Stream in North Carolina, USA

Big Branch is a 3.59 mi long tributary of Crabtree Creek in Wake County, North Carolina, and is classed as a 2nd order stream on the EPA waters geoviewer site.

==Course==
Big Branch rises in northern Raleigh, North Carolina, then flows south to meet Crabtree Creek across from Kiwanis Park. It is a developed watershed with only 7% of the watershed considered to be forested.

==Watershed==
Big Branch drains 3.98 sqmi of area. The upper part of the watershed is underlain by Falls Leucogneiss. The middle and lower watershed is underlain by Raleigh Gneiss geology. The watershed receives an average of 46.5 in/year of precipitation and has a wetness index of 415.15.

== Development ==
In 2021, the creek featured prominently in Kane Realty's proposal for the North Hills Innovation District. The creek runs through the middle of the district and forms a key feature of the district's outdoor space.

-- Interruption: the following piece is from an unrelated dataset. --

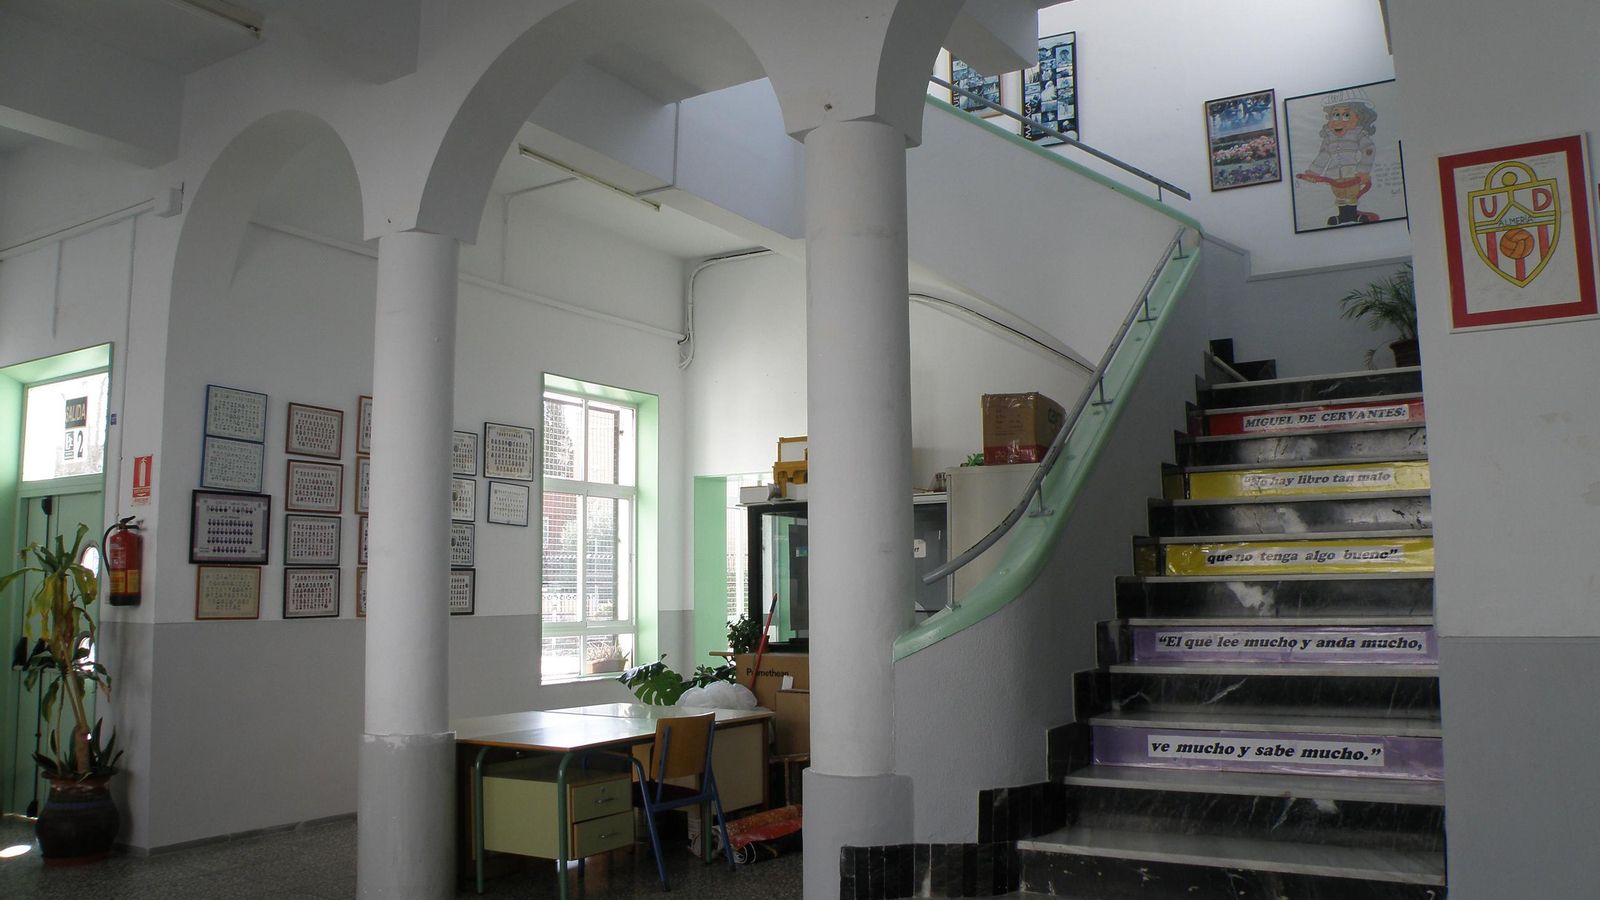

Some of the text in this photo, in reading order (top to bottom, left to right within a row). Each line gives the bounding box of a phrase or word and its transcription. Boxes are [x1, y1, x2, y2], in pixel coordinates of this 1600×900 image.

Also in 2021, the Interstate 40 (I-40) bridge over the creek was identified by the American Road & Transportation Builders Association as one of the six most-traveled bridges in North Carolina that was also "structurally deficient."

== Wastewater ==
In November 2020, heavy rains caused 87,780 gallons of sewage to overflow from a manhole; the sewage entered a tributary of Big Branch Creek.

In November 2018, heavy rains caused 220,000 of untreated wastewater to be discharged into a tributary of Big Branch Creek.